No more CLUB PRESIDENT FOR ME :most folks have absolutuley no idea ----We  read  all the  gripes onhere from  ---Hunting in my area, No big deer --I have heard it all before ---been there too !!    I have seen work days  planned  and only 2 people show up for it all. My son and myself ''HES'S ONLY 10 '' . I really used love the memebers who used to show up  a day or 2 before gun season ,and  fire up the chainsaw,  and literally cut a powerline swath  thru the woods . I have seen the rich and the poor ---good and bad . Theres aways a headache  running a club .I have found its just alot easier  filling up  a club with some non residents  . They only  come  3 or 4 times a year , pay way in advance, hunt and didnt give me grief  over a footprint that  Bigfoot left in the the road . I know several members  on this board  who are club presidents . My hat goes off to you for you are un noticed / under paid / or not at all compensated  for your time and effort . When clubs have to have new members /high turn over or whatever . Its up to whoever is on the lease  -to drive hrs and God only knows how many miles@2.00  a gallon --give up their weekends from FAMILY TIME --Just so he can go meet  some folks  who he doesnt even know -- Club Presidents  deserve some respect  IMO   SHORT STOP


----------



## GWH (Jul 22, 2005)

*leases*

I forgot about the guy with the latest camo, calls, gun, scope, 4 wheeler, truck, stand, boots, etc.  who was a little short of money because the baby needed milk.  Thanks Dixie!

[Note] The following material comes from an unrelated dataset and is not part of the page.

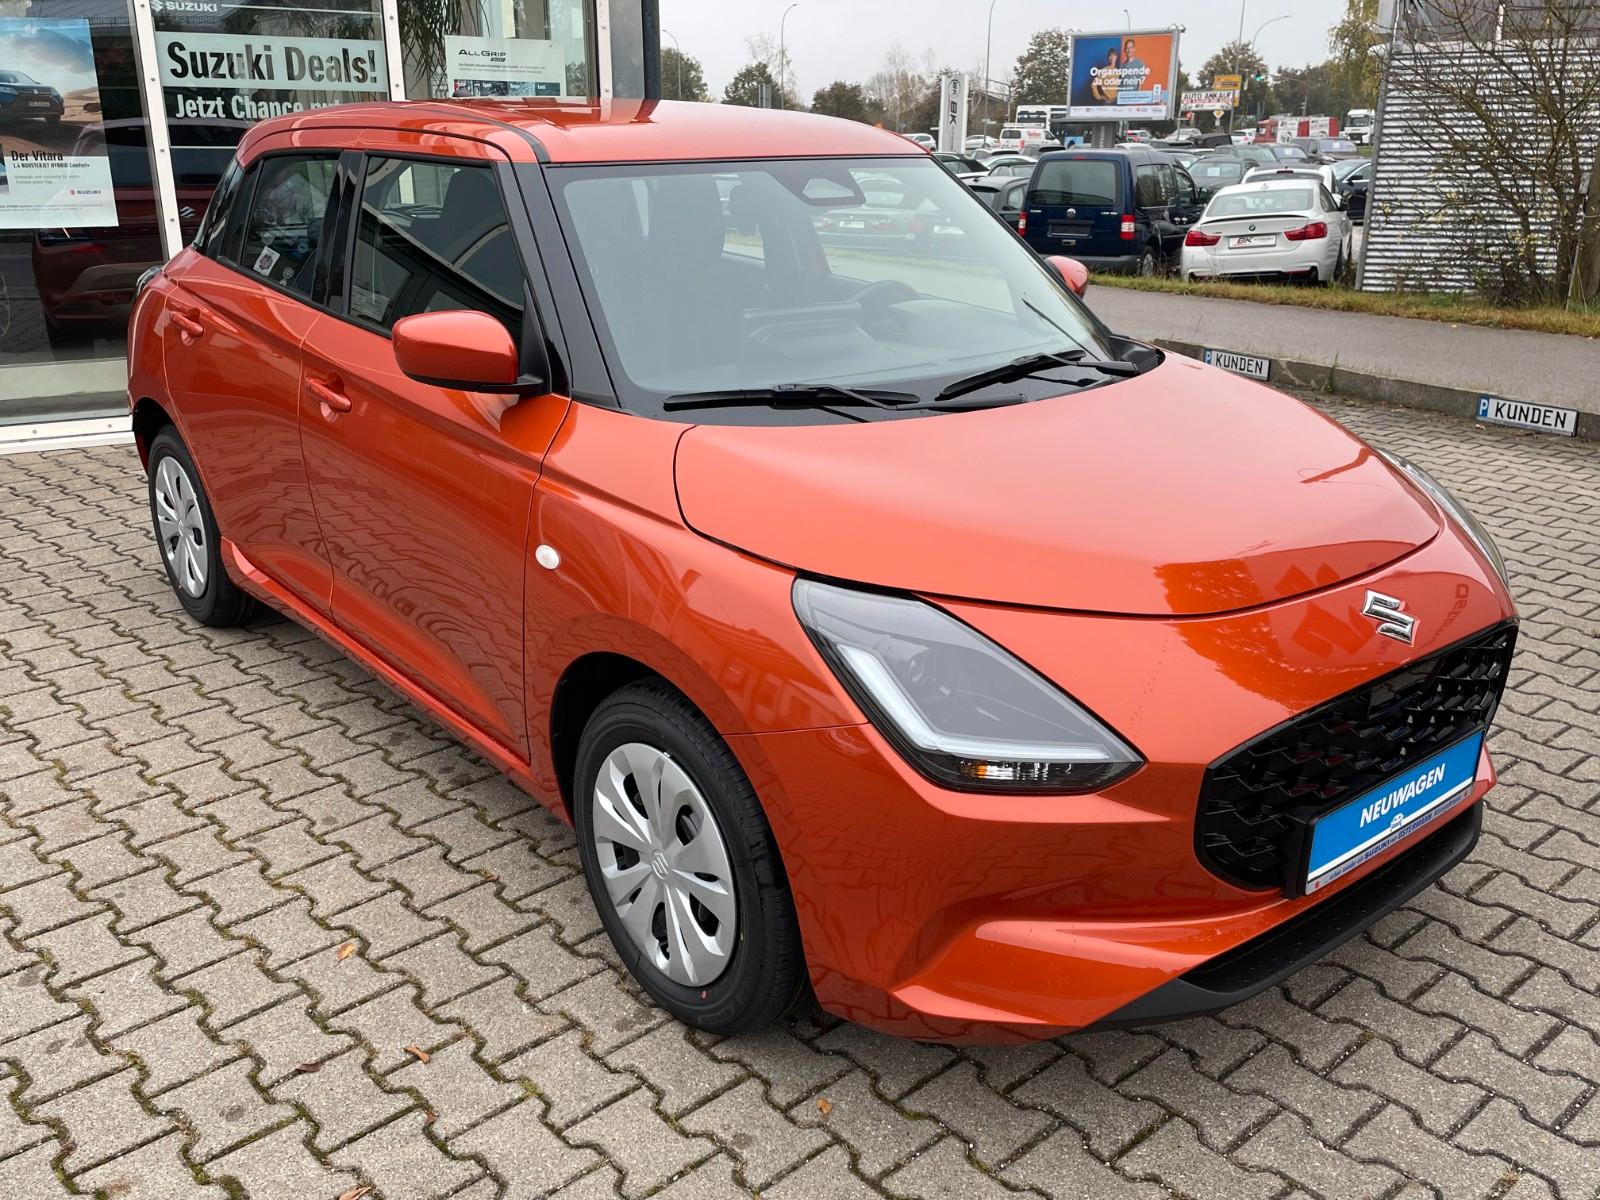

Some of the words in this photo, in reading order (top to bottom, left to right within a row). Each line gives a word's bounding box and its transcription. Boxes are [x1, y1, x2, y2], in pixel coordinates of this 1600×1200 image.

I have a couple of guys that have put me off for over two months now. Tonight at midnight is the deadline.

Steve


----------



## duke13 (Jul 22, 2005)

I ran a club for a few years in Monroe Co. years ago. NEVER, NEVER, NEVER.........AGAIN!!!!!!  

All the problems mentioned and then some. Confrontations with members who joined the club knowing the QDM rules but wanted to kill little bucks anyway. 
"So what are ya gonna do if I do kill that little 4 pt. I been seeing?"  

"What do you mean if a new member pays before me he gets my spot and I'm out?"   

In my perfect world....presidents would get in the club for free.  

All you club presidents.......Thanks for what you do!!


----------



## Model70 (Jul 22, 2005)

*From the DMX Dictator*

I'm not the pres of my club,  I'm the Dictator,  You see a pres is elected. Well, in the USA anyway..

I have run a club for 15 years....  

You left out the best one,   Where your friend  and co-worker,  doesnot mark the swamp bottom as his,  comes back 30 days later ,  sees another members flag hanging ,, and then wants me to tell the guy who followed the rules , that it is really my friends spot, "he just forgot to mark it".

I told my "friend" that would not be right and he should find another spot, and i would help him scout if he wanted me to.   It turned into a screaming match,  my final words to my "friend" were  SHUT UP or you 're out.....

Ain't it great.... Here is few more...

How about  " I need a level spot for my camper"

Can you run another power outlet over here ???

I'm sorry you cut the power trench for my father in laws Winnebago,  but he decided not to join...

Are you going to put some gravel in these muddy places in camp ???

Can you help me plant MY foodplot  ??

Since you are going to Coopers anyway,  can you pick up my seed for me ????

I haven't seen a deer all year !!!!!

Why are the dues the same but we lost 400 acres ????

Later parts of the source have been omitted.